I will continue to share this video on empathy until everyone in America has seen it. If you have not seen it, stop what you’re doing and watch it now. I’ll still be here.

Saying “at least” is something we are all programmed to do. We like finding a silver lining or want to comfort a person we don’t want to see in pain. I am sure that I have said “at least” when talking to others about their own struggles; I am learning and actively working on correcting it myself.

Here’s why these words, while well-intentioned, can do a lot of damage: it is a daunting task for me to share candidly and allow myself to be vulnerable. When I do open myself up about my emotional messiness and others advise me to see the positive, it sends me into a shame spiral. I feel guilty that I can’t just be happy. I feel ill-equipped to handle my daily life. I shut down and feel like I shouldn’t have shared at all. This doesn’t help anyone and has the opposite of the intended effect.

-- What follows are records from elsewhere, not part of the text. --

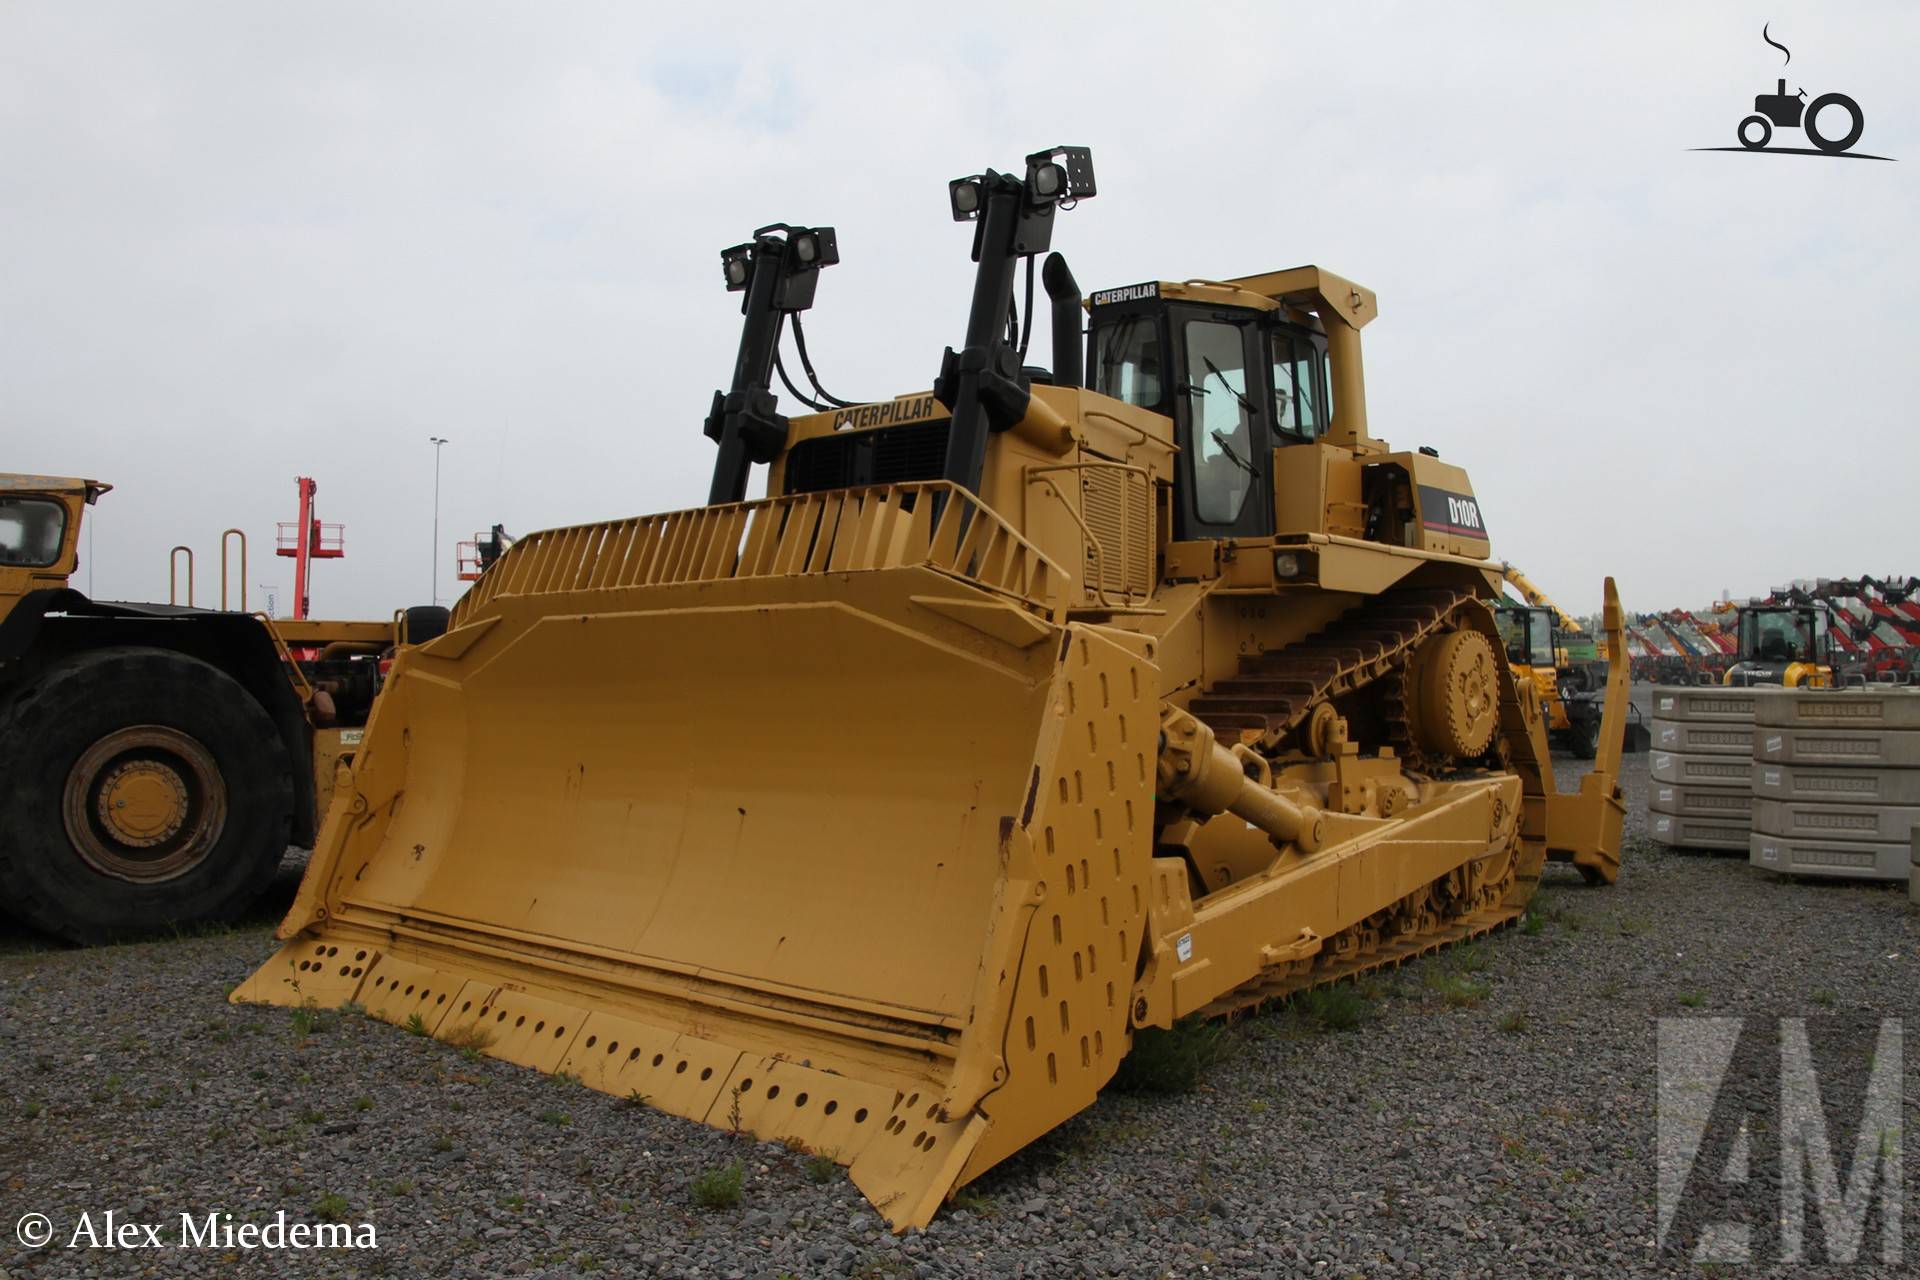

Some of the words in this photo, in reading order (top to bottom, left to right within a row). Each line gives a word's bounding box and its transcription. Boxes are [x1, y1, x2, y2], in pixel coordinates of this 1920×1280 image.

[1095, 284, 1156, 305] CATERPILLAR
[833, 397, 934, 431] CATERPILLAR
[1448, 497, 1480, 529] D10R
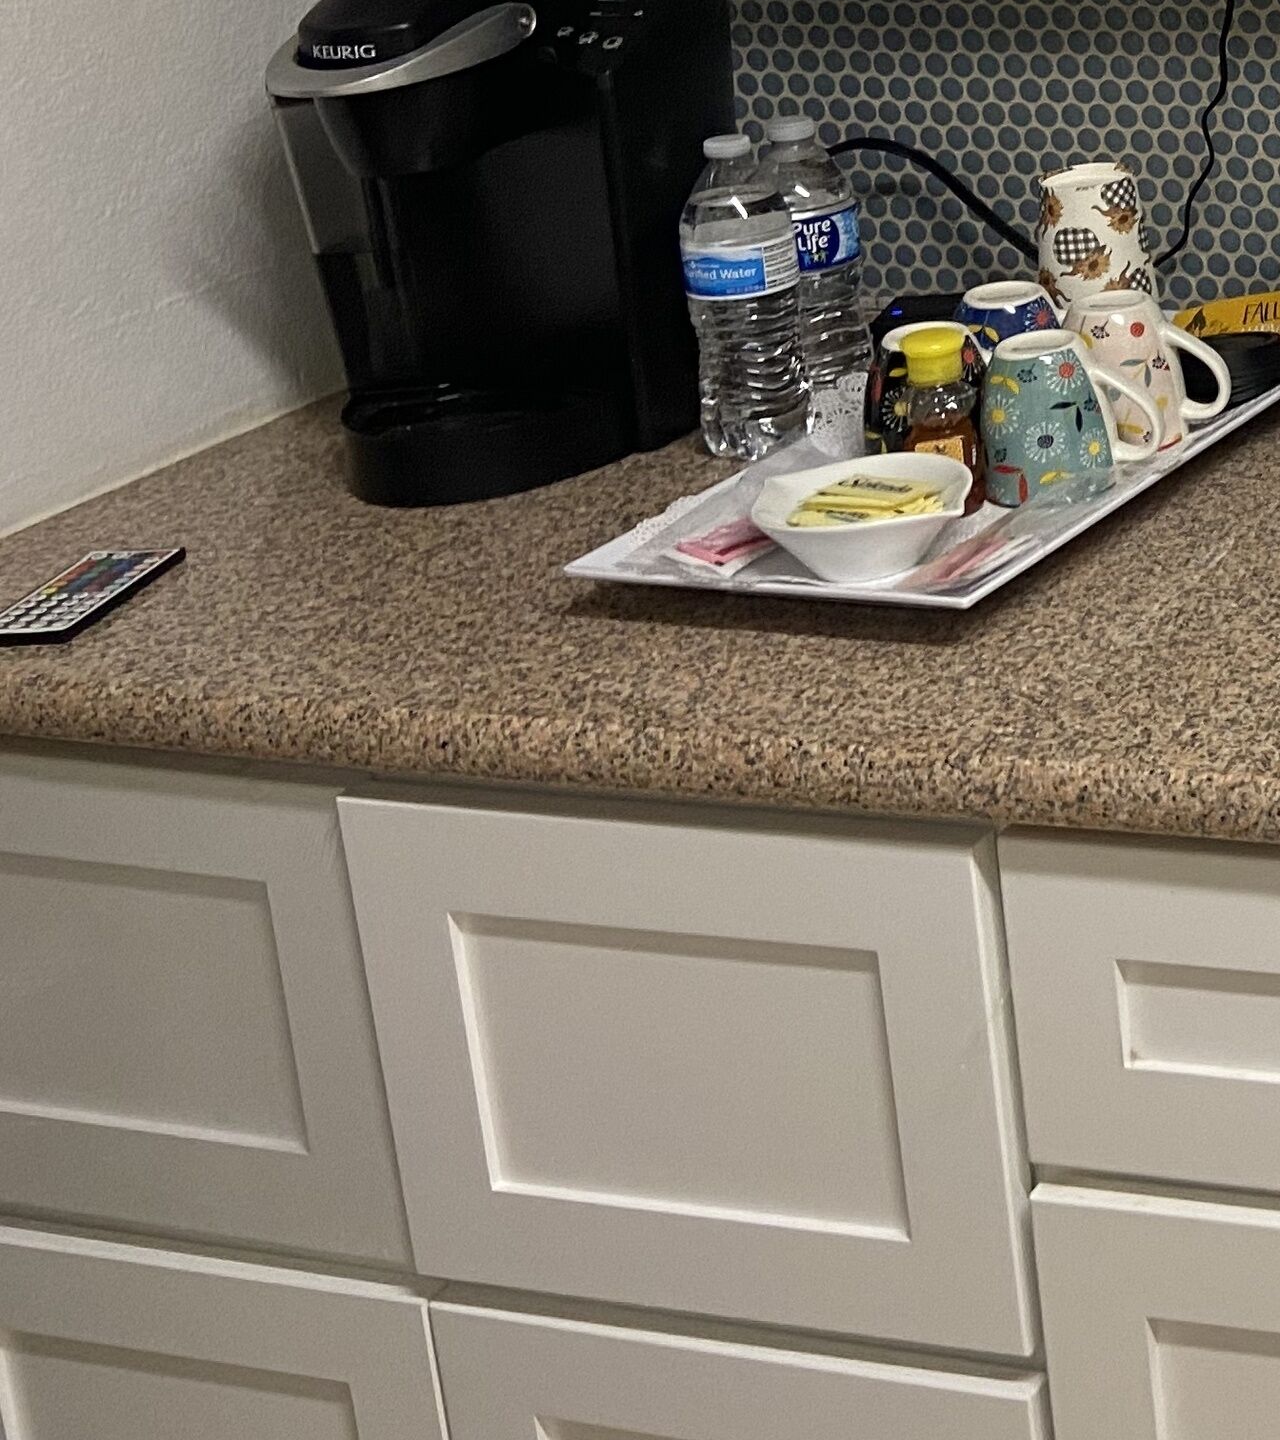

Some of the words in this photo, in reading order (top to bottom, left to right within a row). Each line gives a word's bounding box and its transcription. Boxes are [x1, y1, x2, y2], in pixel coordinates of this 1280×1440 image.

[312, 44, 377, 60] KEURIG
[793, 217, 832, 236] Pure
[797, 235, 830, 254] Life
[720, 267, 757, 280] Water
[1242, 301, 1280, 326] FALL
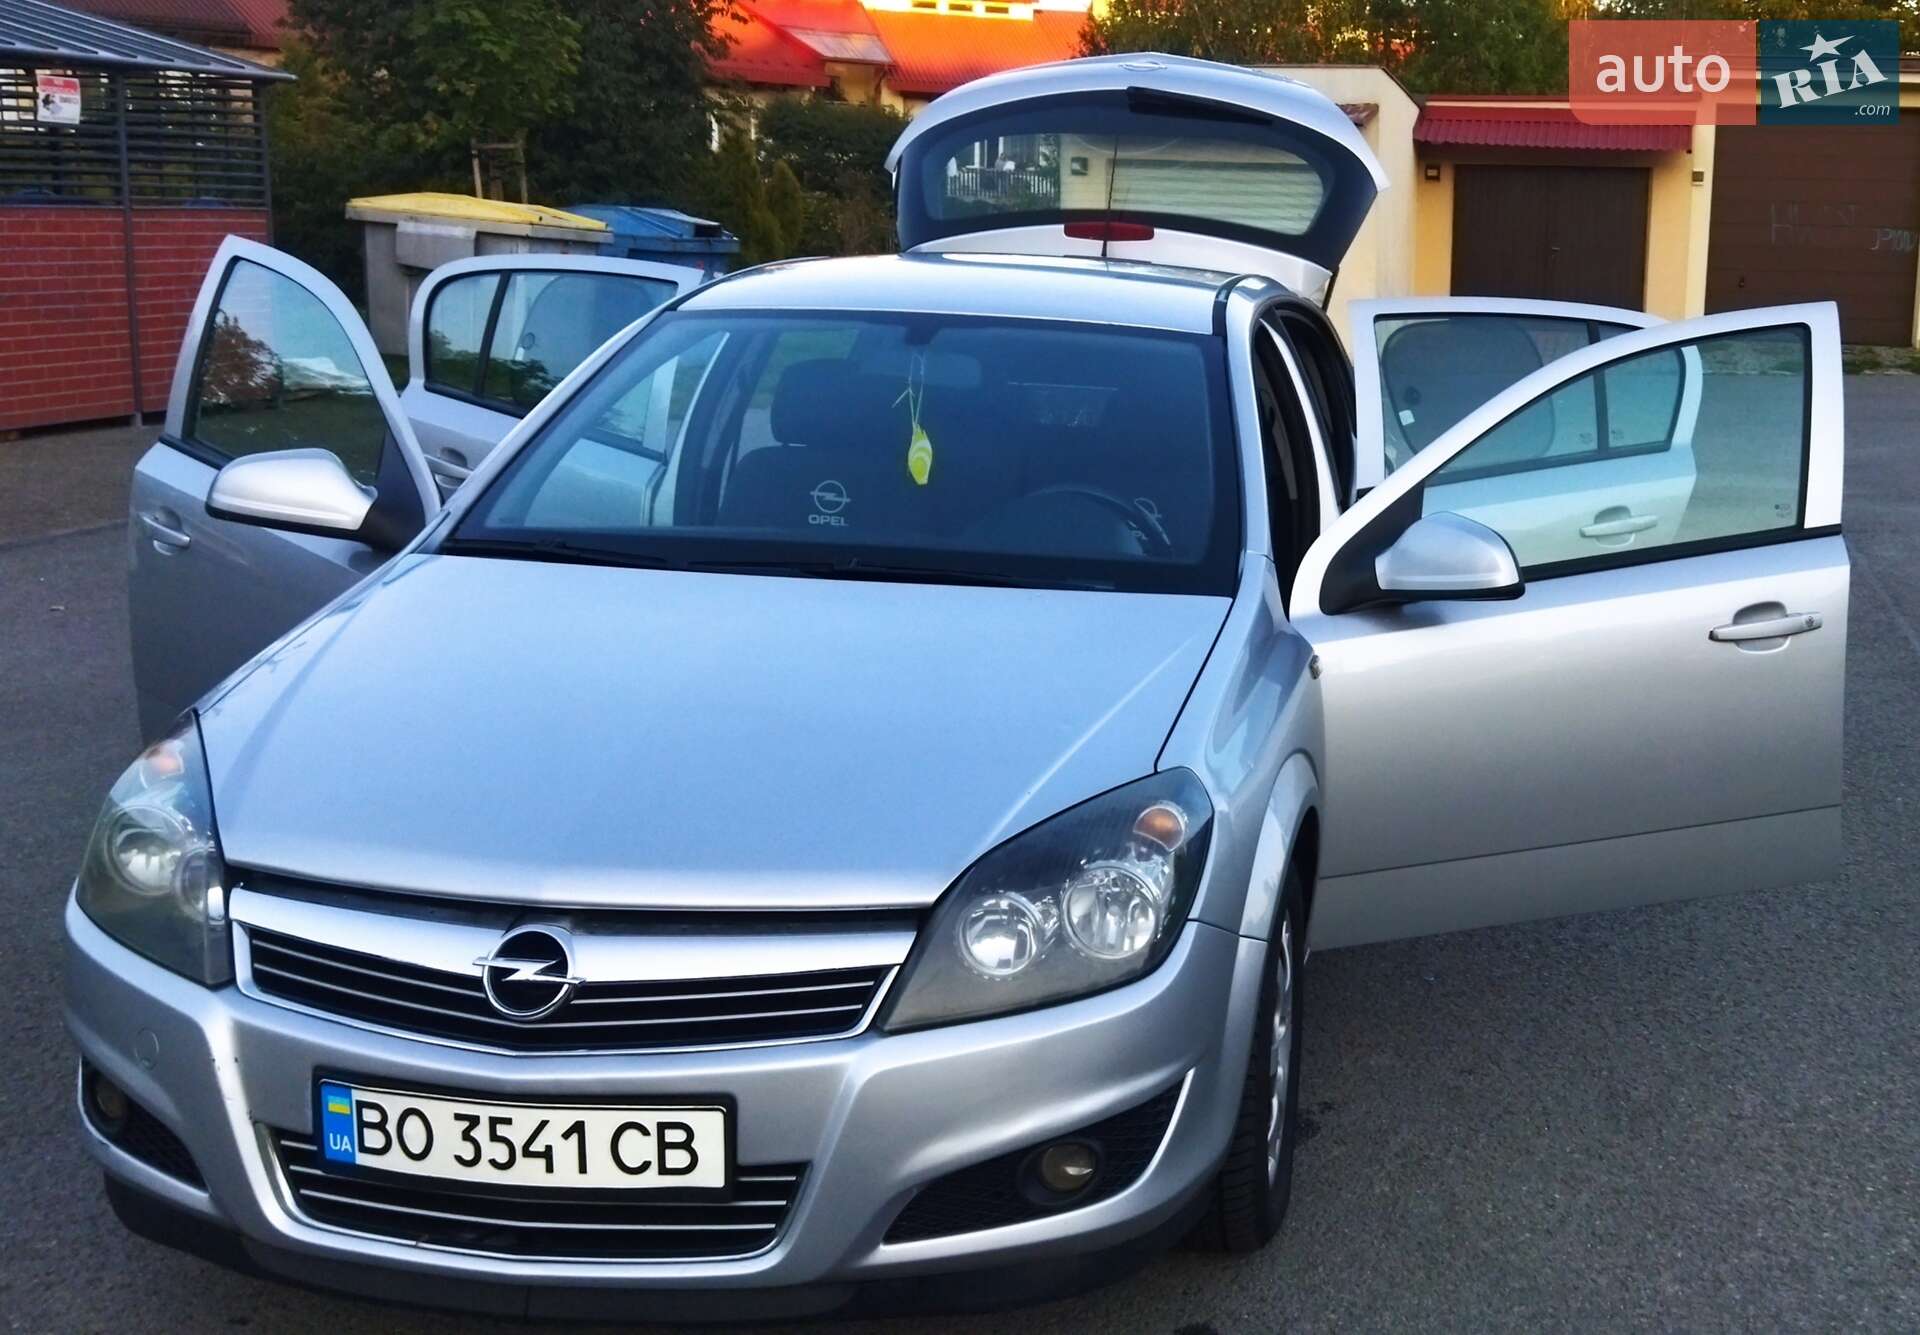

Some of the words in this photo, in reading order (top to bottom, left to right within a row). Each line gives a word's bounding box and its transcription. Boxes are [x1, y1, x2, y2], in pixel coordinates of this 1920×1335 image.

[808, 514, 849, 527] OPEL
[329, 1133, 352, 1152] UA
[355, 1099, 434, 1162] BO
[453, 1112, 588, 1175] 3541
[610, 1120, 699, 1176] CB

As I wrote in a post back in March of 2018, “People say things which unintentionally minimize my struggle. ‘Look on the bright side!’ kind of comments or comparing suffering is not always helpful, even when well-intentioned. Yes, I sometimes make ‘it can always be worse’ comments because some days that’s where I am. But on the days when my fingers feel like they’ve been shut in a car door or I have no appetite and the thought of eating anything makes me sick, I’m not interested in the bright side.”

What can you do instead? Be vulnerable, too. Sit with the person in the discomfort and the pain without trying to mitigate it. You can’t change the challenges they’re facing, but you will certainly help them feel supported as they face them. When someone allows themselves to be present through the bad and the ugly, we all feel less alone.

Mirror the other person’s language.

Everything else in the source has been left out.